Shots five, six, and seven were courtesy of the female’s gun and rang out in time to another flurry from her accomplice’s weapon. The bitch had decent aim. From her periphery, Stormy noticed Bitchface had the damn rifle nestled in-between office supplies and the phone cradle on Martin’s desk.
How innovative of her.
Bullets defaced the elevator as Stormy shot past it. Waiting for a lift was out. She tagged the up button, stole a running start, and sailed over a plush lobby couch. Upon landing on the other side, she rolled under a massive coffee table.
“I know how much you love target practice, but we have less than ten minutes till our deadline,” the male said.
“Fine,” the bitch said. “She’ll be dead in minutes anyway.”

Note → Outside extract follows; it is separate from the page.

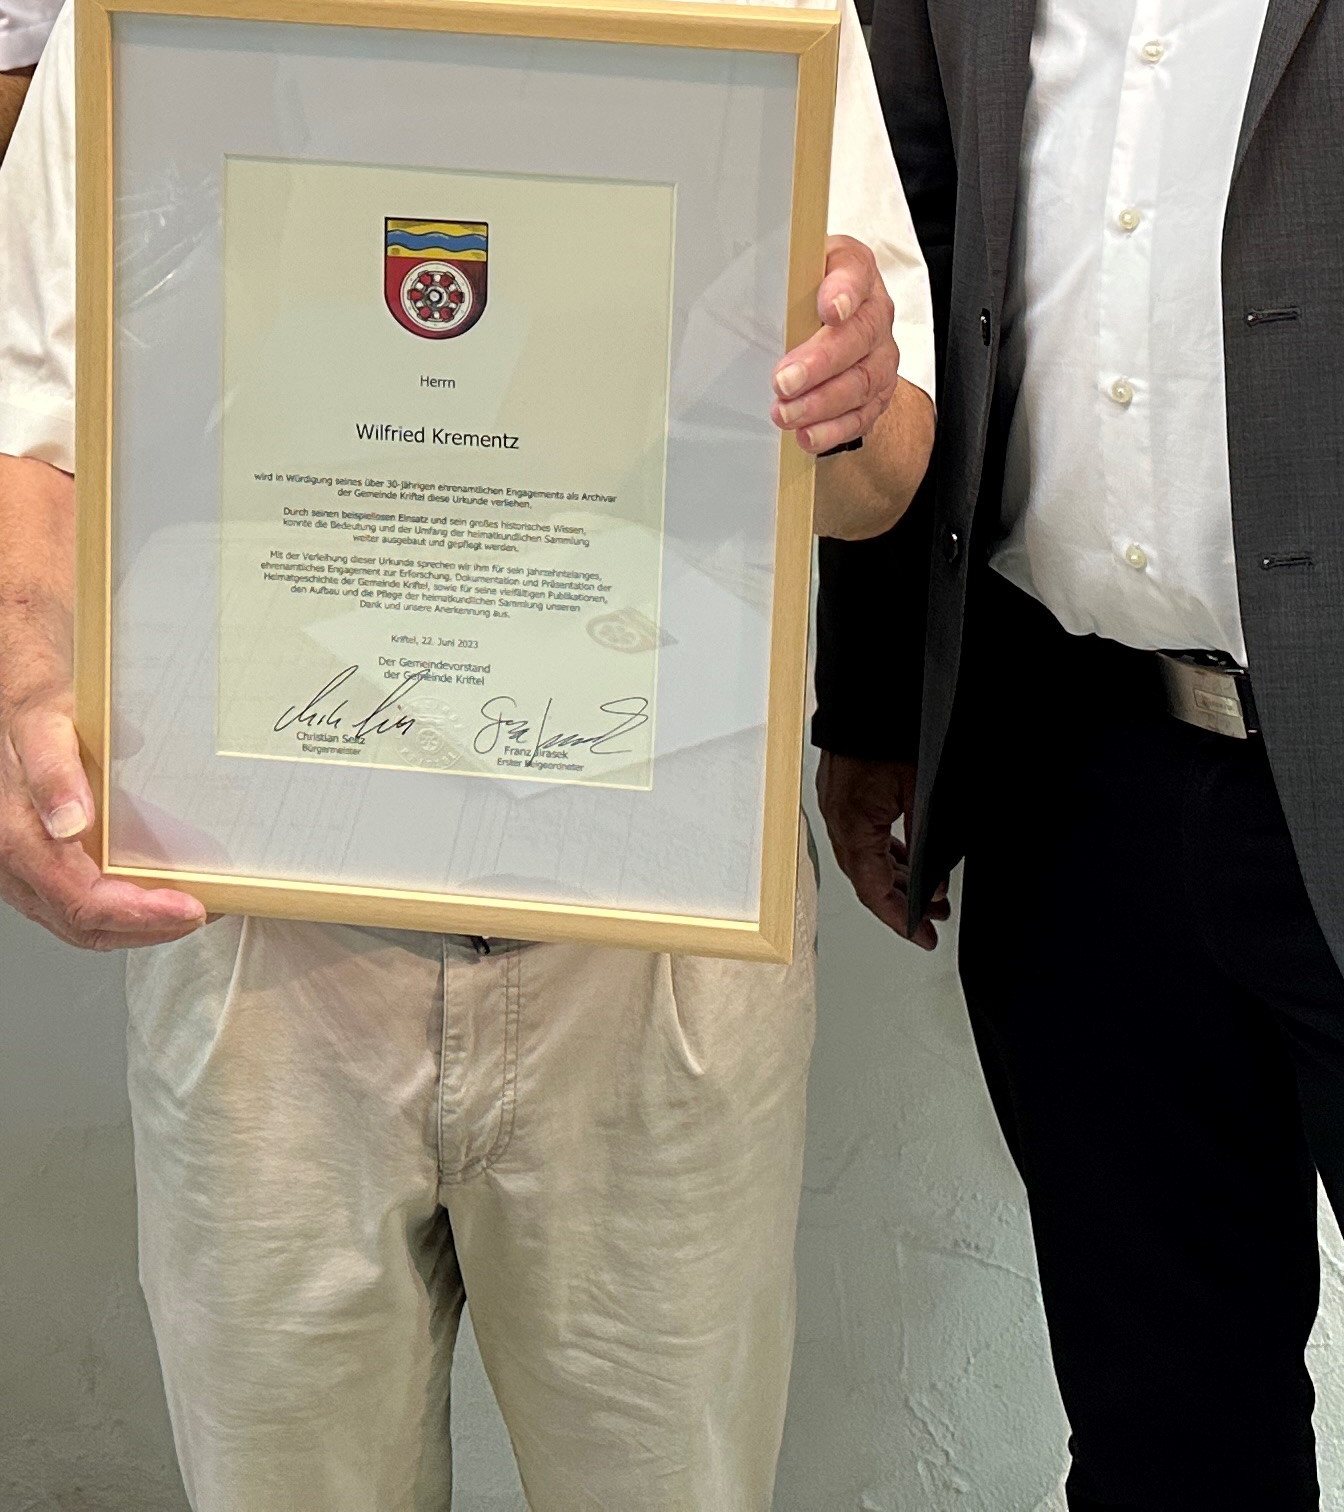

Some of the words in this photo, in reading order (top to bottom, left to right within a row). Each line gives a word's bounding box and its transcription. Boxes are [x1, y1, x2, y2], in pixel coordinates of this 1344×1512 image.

The elevator opened and the conversation headed inside. Lips trembling, fingers white from gripping the lip of the coffee table, Stormy peered out from the edge of her shielding. The elevator pinged at every floor, and then held fast at the rooftop. She crawled out from her hiding spot, returned to Martin, and pulled his arm off the chair. His final breath cut off before his arm hit the floor. He was halfway through inhaling.
Martin’s eyes were a cocktail of blindness, terror, and murder, directed hopelessly at the vaulted ceiling. Whatever message he tried to blink at her earlier, he would have to convince St. Peter to relay. Television failed on an epic level to mirror the real experience of watching someone choke to death on his own blood-soaked tongue. Stormy took slow, deliberate breaths to hold the vomit down. It didn’t work.
She reeled away from Martin’s body, and then boomeranged back to it. The space just beyond her periphery scared the shit out of her. She drew a slow breath and held on to it.
Grab the gun, you idiot.
She reached for the weapon, but her fingers refused to cooperate. Three tries later, the gun belonged to her.
Reamer’s east wing remained as dead as it had been minutes ago when she had been casually commenting on grey architecture from a former era. The cafeteria and gift shop up the hall were closed. No one would stumble this way until Outpatient Services opened over an hour from now. All the souls in this end of the tower were on the upper floors, but none of that made her feel more at ease.
The glass doors refused to part for Stormy. The rolling chair bounced off them and back into her and the bullet only created a colorless mosaic. The glass spider web continued to crack and inch across the doors, even after she gave up on that method of escape.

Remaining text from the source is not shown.